Agnes Binagwaho is a Rwandan paediatrician and currently the Vice Chancellor of the University of Global Health Equity.
What is the impact today of Black History Month?
For Agnes Binagwaho, Black History Month is necessary but it is only useful if it becomes part of our day-to-day life. Growing up, she did not hear about black role models and their contributions to STEM were often ignored.
“Brilliant black people don’t matter if black lives still don’t matter,” reminded Agnes. “What has the world lost by ignoring black brilliance, for example in Africa?”
For Agnes, it is important to think about solutions and re-evaluate both formal and informal approaches to education. We learn implicitly that black is the colour of negativity and we need to consciously challenge these negative narratives. Collectively, we can use positions of power to advocate for diversity, changes to laws and promotion to leadership on merit. Agnes outlined some her personal calls to action.
Calls to action
- Black History Month activities should aim to improve the health and wellness of all black people
- Review references of scientific publications for diversity
- Review children’s text books to improve representation
- Reflect on the meaning and use of colour in our day-to-day communications
- It is important to collect data and carry out diversity audits in the same way as you do for gender
Bisi Alimi is the founder and Executive Director of the Bisi Alimi Foundation, an organisation set to accelerate social acceptance of LGBT people in Nigeria. He has over 15 years’ experience in International development, starting as an LGBT/HIV activist in Nigeria before moving to the UK, calling himself an ‘angelic troublemaker’. Bisi spoke to us as part of LGBT in STEM Day in November 2020.

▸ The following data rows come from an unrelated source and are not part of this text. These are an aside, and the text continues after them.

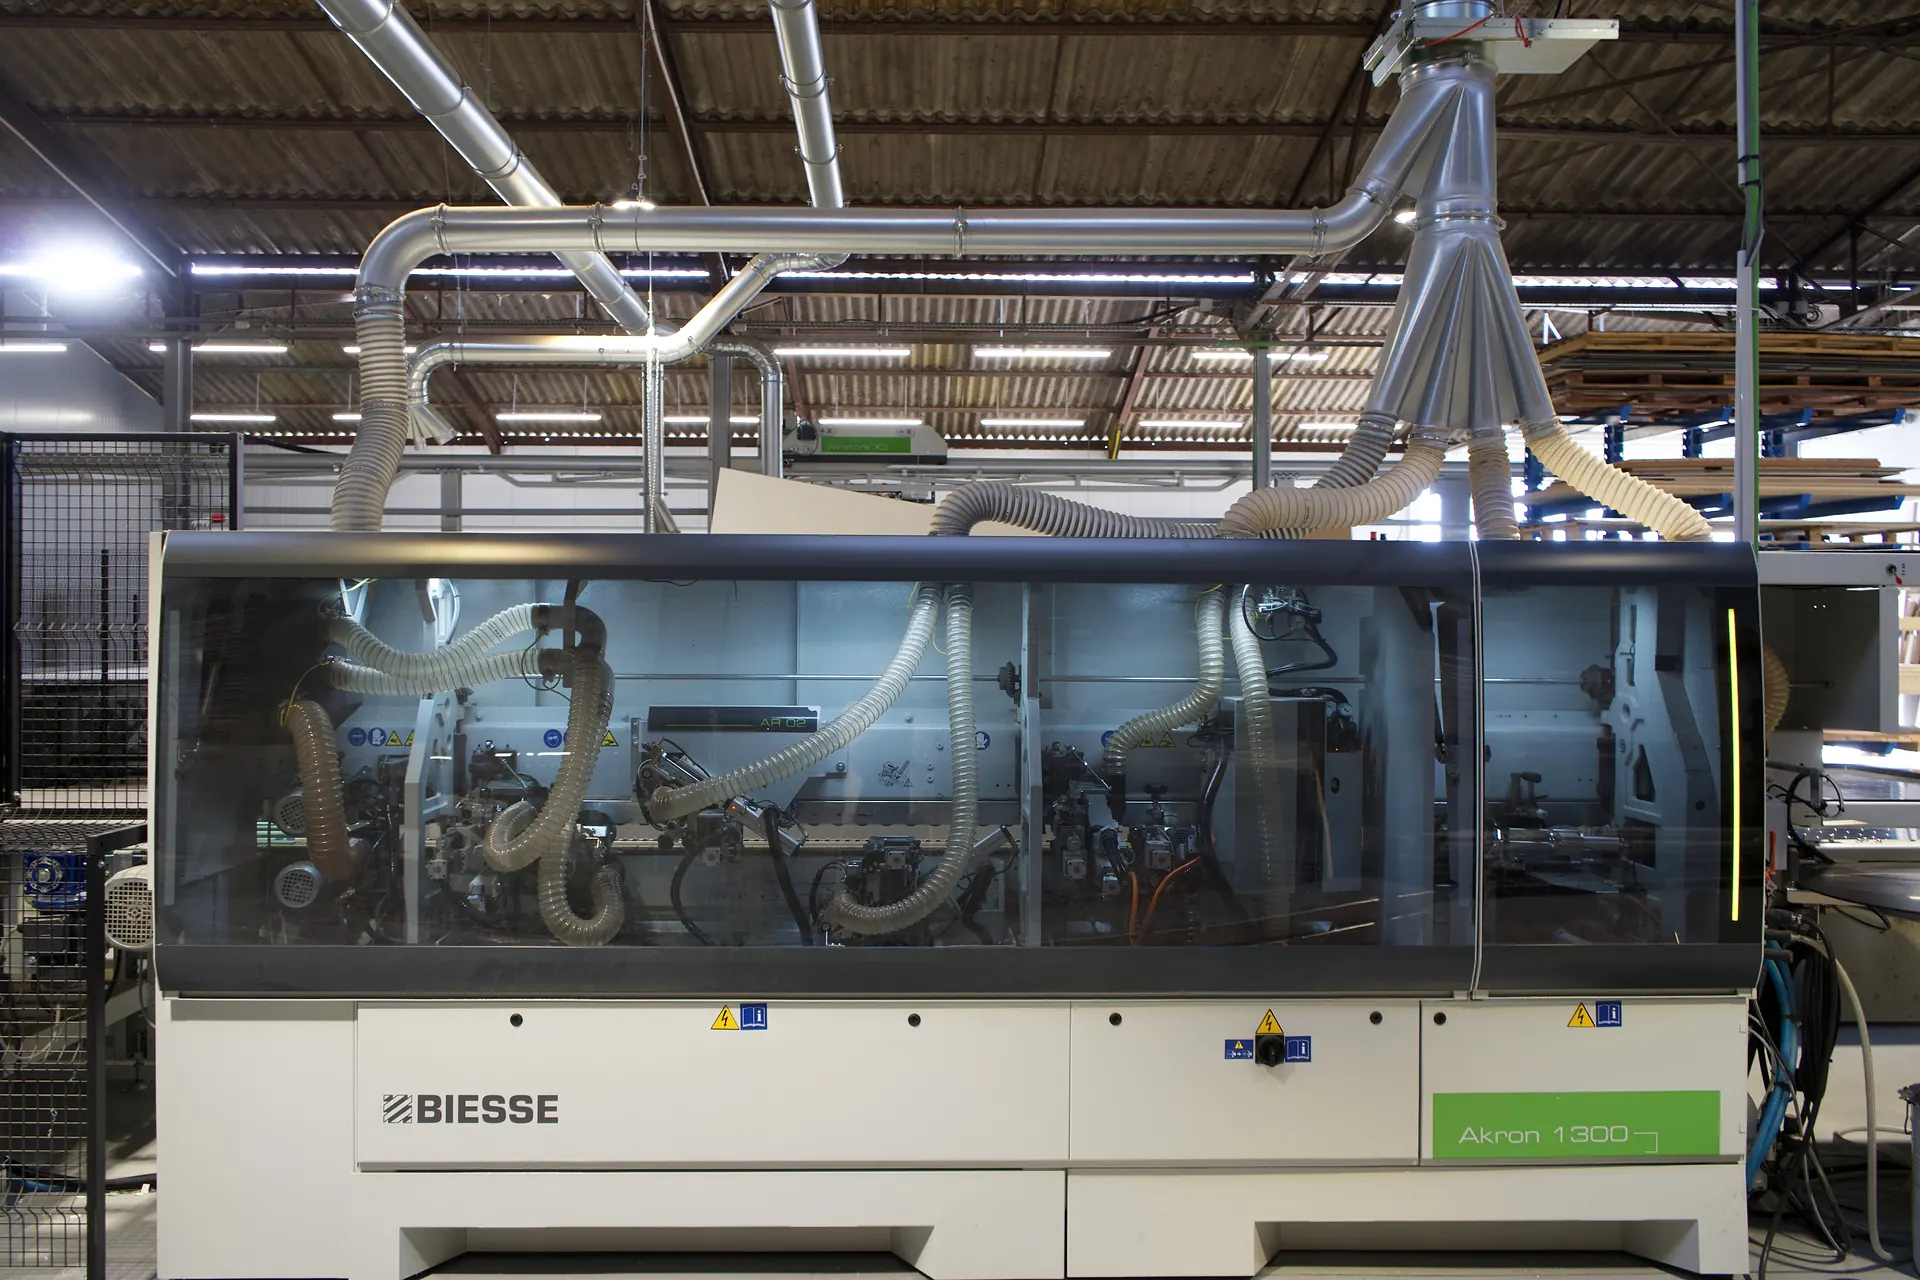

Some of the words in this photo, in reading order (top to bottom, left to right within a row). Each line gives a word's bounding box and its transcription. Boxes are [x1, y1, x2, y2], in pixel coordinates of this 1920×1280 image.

[760, 718, 781, 727] AR
[786, 718, 807, 728] 02
[417, 1095, 559, 1124] BIESSE
[1458, 1126, 1541, 1144] Akron
[1553, 1125, 1629, 1143] 1300

“I was never black until I came to the UK,” said Bisi. “I had the same colour skin but did not have the same experience of blackness, being stopped by the police, unequal healthcare or bias at work. Black is not a colour but an experience.”
For Bisi, there are nine truths of anti-racism:
- Freedom is earned not given
- Not all silence is golden – silence in the face of oppression is part of the oppression
- Social justice is not a buzzword
- It is okay to get it wrong, but speak up with honesty
- Standing against oppression has a cost
- Knowledge of injustice must lead to action for justice
- Bigotry is ugly
- Love is powerful
- Impactful change can happen at many different scales
- There is never the right time to stand up for change, there is only now
There are many ways to step up as an anti-racism ally. Use your privilege to step aside for people of colour, stand up to oppression at your own personal cost and acknowledge the existence of structural racism.

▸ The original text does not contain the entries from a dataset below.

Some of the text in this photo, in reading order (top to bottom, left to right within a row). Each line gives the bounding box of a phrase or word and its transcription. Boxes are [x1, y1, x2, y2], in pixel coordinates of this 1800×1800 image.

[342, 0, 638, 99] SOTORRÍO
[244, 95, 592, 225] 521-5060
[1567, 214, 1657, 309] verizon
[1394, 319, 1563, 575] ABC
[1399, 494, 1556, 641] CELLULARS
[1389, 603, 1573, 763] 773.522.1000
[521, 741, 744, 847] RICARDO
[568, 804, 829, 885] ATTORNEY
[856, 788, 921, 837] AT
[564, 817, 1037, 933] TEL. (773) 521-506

“Go out there and be the change that you want to see in the world!” urged Bisi. “There is nothing to be ashamed of in having privilege. It is something to acknowledge, because you can’t do anything about it. But you do have a choice to use your unearned privilege for change. Think of it as similar to those who have money using it as a force for good,” explained Bisi. “This is the journey I want people to go on.”
“No one is free unless everyone is free.”